Un 15 août presqu'ordinaire...
Samuel Leroy
UN 15 AOUT PRESQU'ORDINAIRE…
J'ai rencontré Sonia un 15 août ; J'm'en souviens très bien, j'allais aux putes ce jour là…. Je vais toujours aux putes le 15 août.
Le 15 aout, c'est repas de famille à 12h00 pétantes, à Marcq-en-Barœul, chez le frangin et la belle-sœur ; Puis vers 15h00, toute la smala débarque au vide-grenier, place du Général Leclerc. On y fait des bonnes affaires paraît-il, et pis marcher à la fraîche, ça fait digérer ; Ensuite, on revient finir les restes de midi, en général c'est de la choucroute garnie, vu qu'ma belle-sœur est alsacienne ; Et puis voilà, on boit la tasse de café, du café réchauffé, et on se dit encore une fois que les enfants ont bien poussé. On l'a déjà dit à midi, mais enfin comme on ne sait pas trop sur quelle phrase se quitter jusqu'au 15 août prochain, et que la choucroute garnie de ma belle-sœur ne mérite pas qu'on s'attarde sur elle en discours interminables, on le répète : « Mon Dieu qu'il a grandi Lucas ! », « Alors Mégane, on rentre déjà en sixième cette année… », « Valentin, c'est huit ans ou neuf ans qu'il va avoir en octobre ? Ah bon ! J'aurais juré que c'était huit… »

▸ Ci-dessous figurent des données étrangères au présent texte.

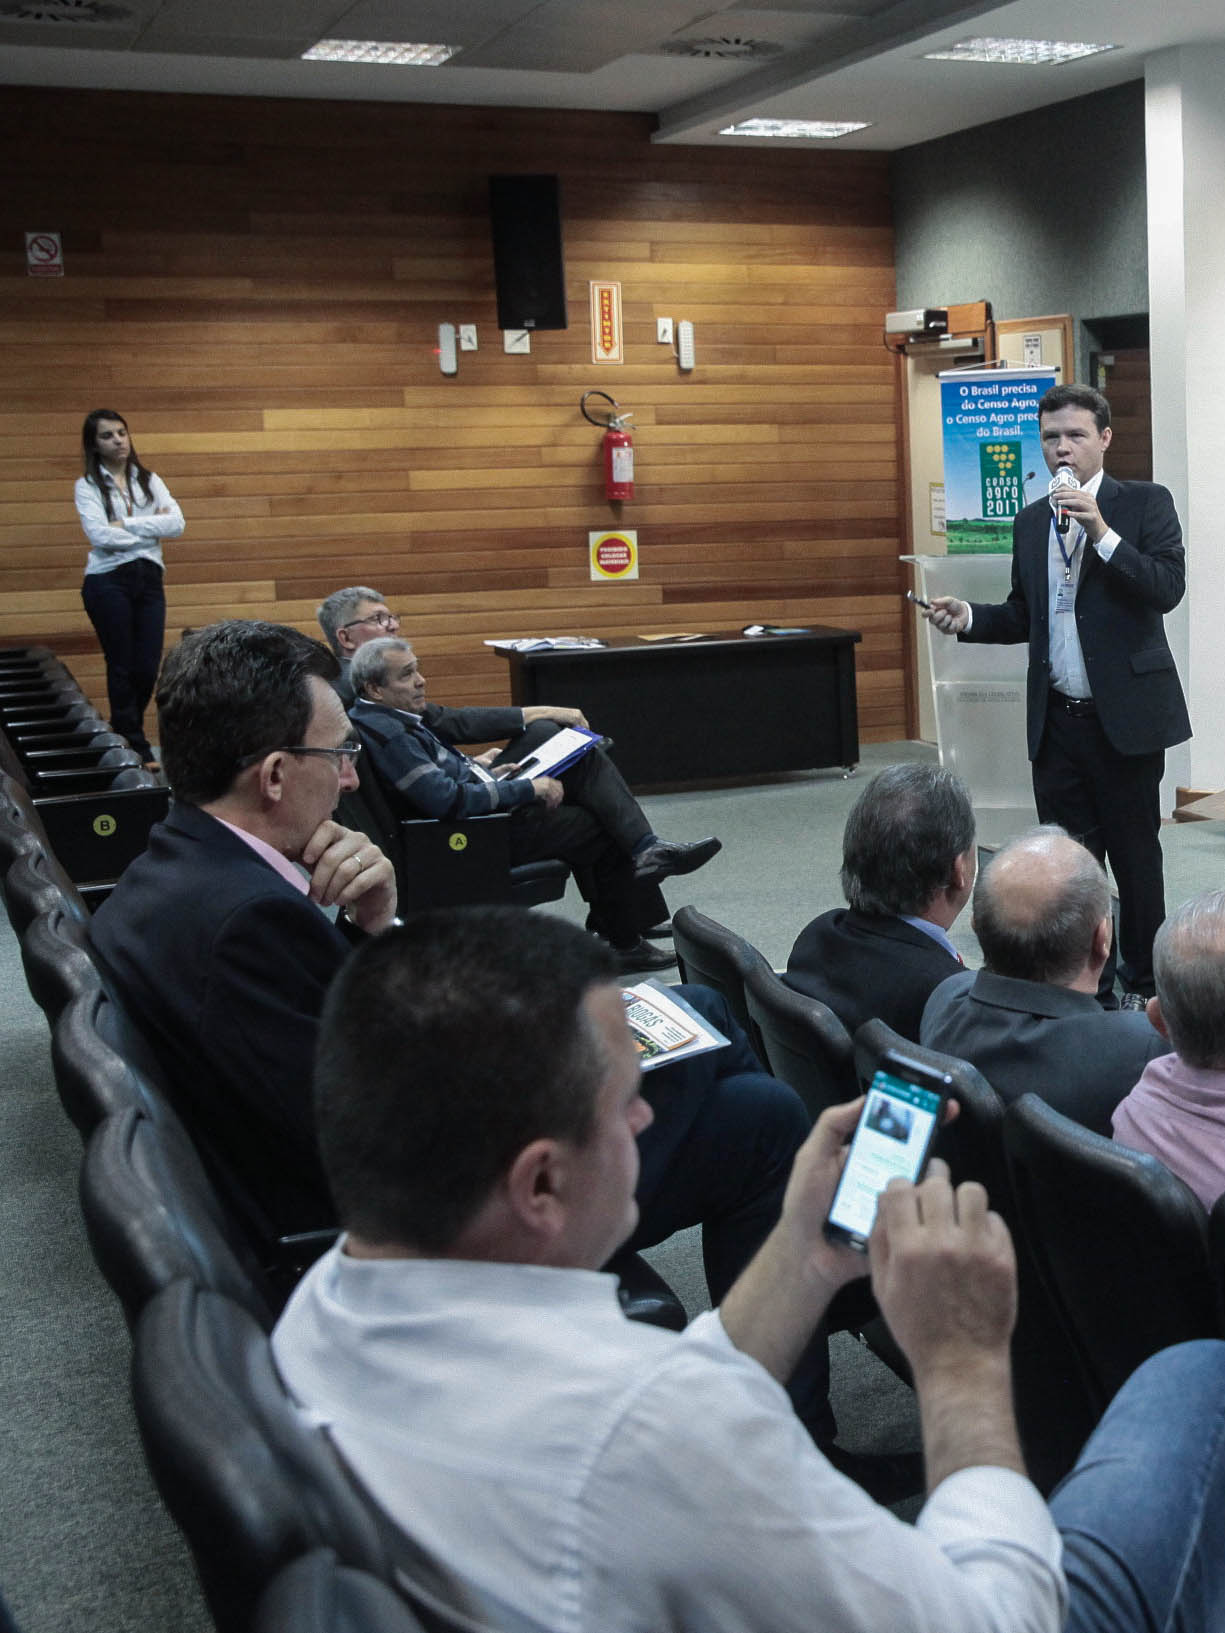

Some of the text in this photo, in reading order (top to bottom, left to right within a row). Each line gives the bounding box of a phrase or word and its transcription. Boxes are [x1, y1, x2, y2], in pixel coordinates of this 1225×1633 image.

Après tout ça, je ne sais pas si c'est pareil pour les autres, mais moi, j'n'ai qu'une seule envie, c'est d'aller aux putes me venger de tant de platitudes.
J'ai donc rencontré Sonia ce 15 août, à Lille, car c'en était une….
Sur le front de Sonia, il y avait comme écrit au fer rouge : « Donne emmerdes contre bons soins ». Je sais bien lire ce genre de messages, moi ; J'ai même un don pour les décrypter.
En temps ordinaire, un certain sixième sens, ou peut-être un vieil instinct de survie, ou encore pourquoi pas une bonne dose de bienveillance, que sais-je ? me fait faire demi-tour dès que je me retrouve nez à nez avec ces personnes qui ont ces mots sur leurs fronts : « Donne emmerdes contre bons soins ». Mais là, allez savoir pourquoi ? J'ai foncé tête baissée vers le nid à emmerdes qu'était celui de Sonia. Faut dire que je menais une vie assez frileuse, monotone, grise ; Ce jour là, je me suis cru à l'abri des emmerdes par le simple fait que je n'en avais jamais rencontré. Des petites histoires tout au plus : Une relance avec mise en demeure au sujet d'une facture impayée, une fièvre de cheval qui me cloue au lit, un type qui veut m'taper deux euros à la gare.... Vous voyez c'que j'veux dire ? Des petites bobos que je souhaite à tout le monde quoi !
Sonia est montée dans ma Fiat Punto, et là, je n'ai plus vu le message imaginaire inscrit sur son front. Je n'ai vu que ses nichons. Une de ces paires de loches ! C'est pas compliqué, j'peux même plus vous dire si elle était blonde ou brune, tellement j'étais absorbé par ses gros nichons. Bien sûr, je les matais du coin de l'œil, je n'osais pas trop être franc du regard ; Faut dire j'avais pas encore payé ; Un client qui n'a pas encore payé reste un gentleman.
Je lui demande : On va où ? Elle me répond Au commissariat le plus proche.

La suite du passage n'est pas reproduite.